> [EXERCISE DIRECTIONS]: Here the job is to print all of the entries below verbatim and leave out any picture.

(Saved data entries)
= = = = =

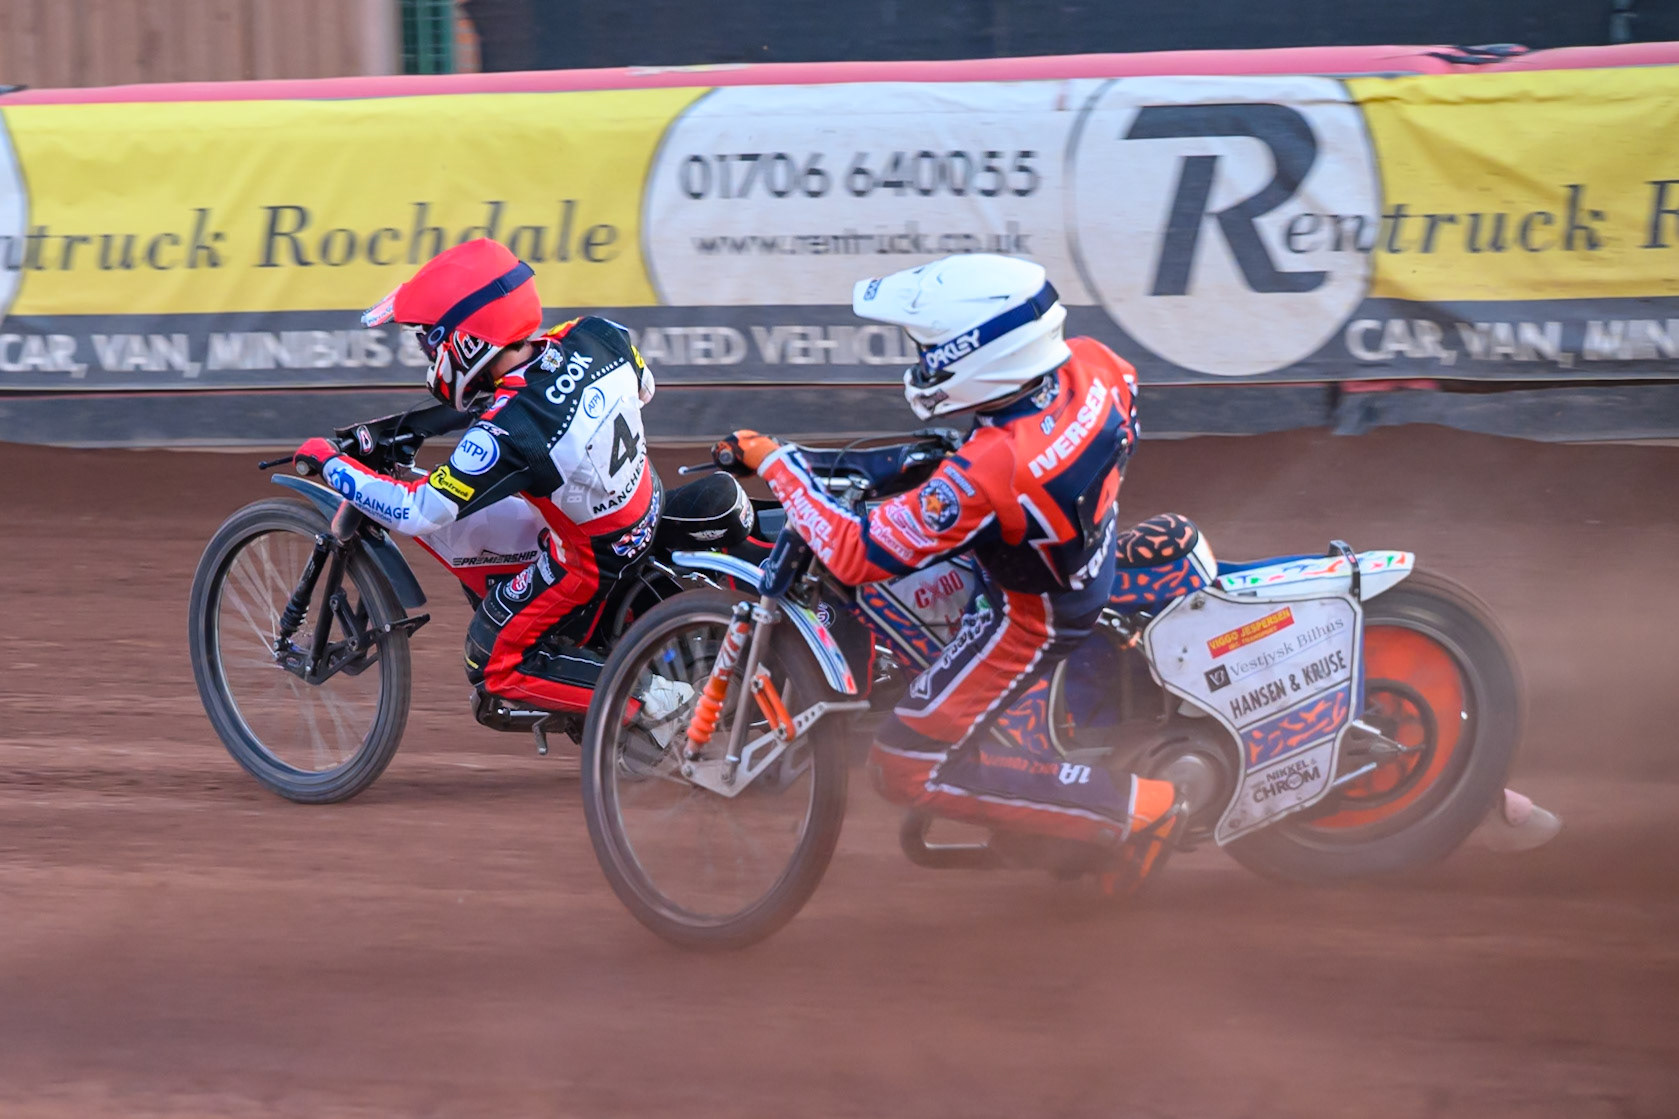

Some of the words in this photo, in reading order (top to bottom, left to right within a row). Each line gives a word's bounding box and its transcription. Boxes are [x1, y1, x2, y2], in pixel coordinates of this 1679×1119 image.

[681, 152, 831, 200] 01706
[846, 150, 1042, 199] 640055
[0, 207, 226, 271] truck
[0, 333, 88, 378] CAR,
[91, 333, 200, 378] VAN,
[925, 328, 980, 369] OAKLEY
[1345, 319, 1457, 366] CAR,
[1455, 321, 1574, 368] VAN,
[545, 351, 593, 405] COOK
[457, 439, 489, 463] ATPI
[608, 412, 641, 479] 4
[1028, 377, 1108, 479] IVERSEN
[1296, 618, 1345, 649] Bilhus
[1229, 678, 1288, 720] HANSEN
[1288, 673, 1302, 692] &
[1301, 650, 1347, 686] KRUSE
[1252, 765, 1321, 804] CHROM
[1266, 759, 1309, 782] NIKKEL

= = = = =

> [OUTPUT OF THE EXERCISE]:
Some of the words in this photo, in reading order (top to bottom, left to right within a row). Each line gives a word's bounding box and its transcription. Boxes are [x1, y1, x2, y2], in pixel coordinates of this 1679×1119 image.

[681, 152, 831, 200] 01706
[846, 150, 1042, 199] 640055
[0, 207, 226, 271] truck
[0, 333, 88, 378] CAR,
[91, 333, 200, 378] VAN,
[925, 328, 980, 369] OAKLEY
[1345, 319, 1457, 366] CAR,
[1455, 321, 1574, 368] VAN,
[545, 351, 593, 405] COOK
[457, 439, 489, 463] ATPI
[608, 412, 641, 479] 4
[1028, 377, 1108, 479] IVERSEN
[1296, 618, 1345, 649] Bilhus
[1229, 678, 1288, 720] HANSEN
[1288, 673, 1302, 692] &
[1301, 650, 1347, 686] KRUSE
[1252, 765, 1321, 804] CHROM
[1266, 759, 1309, 782] NIKKEL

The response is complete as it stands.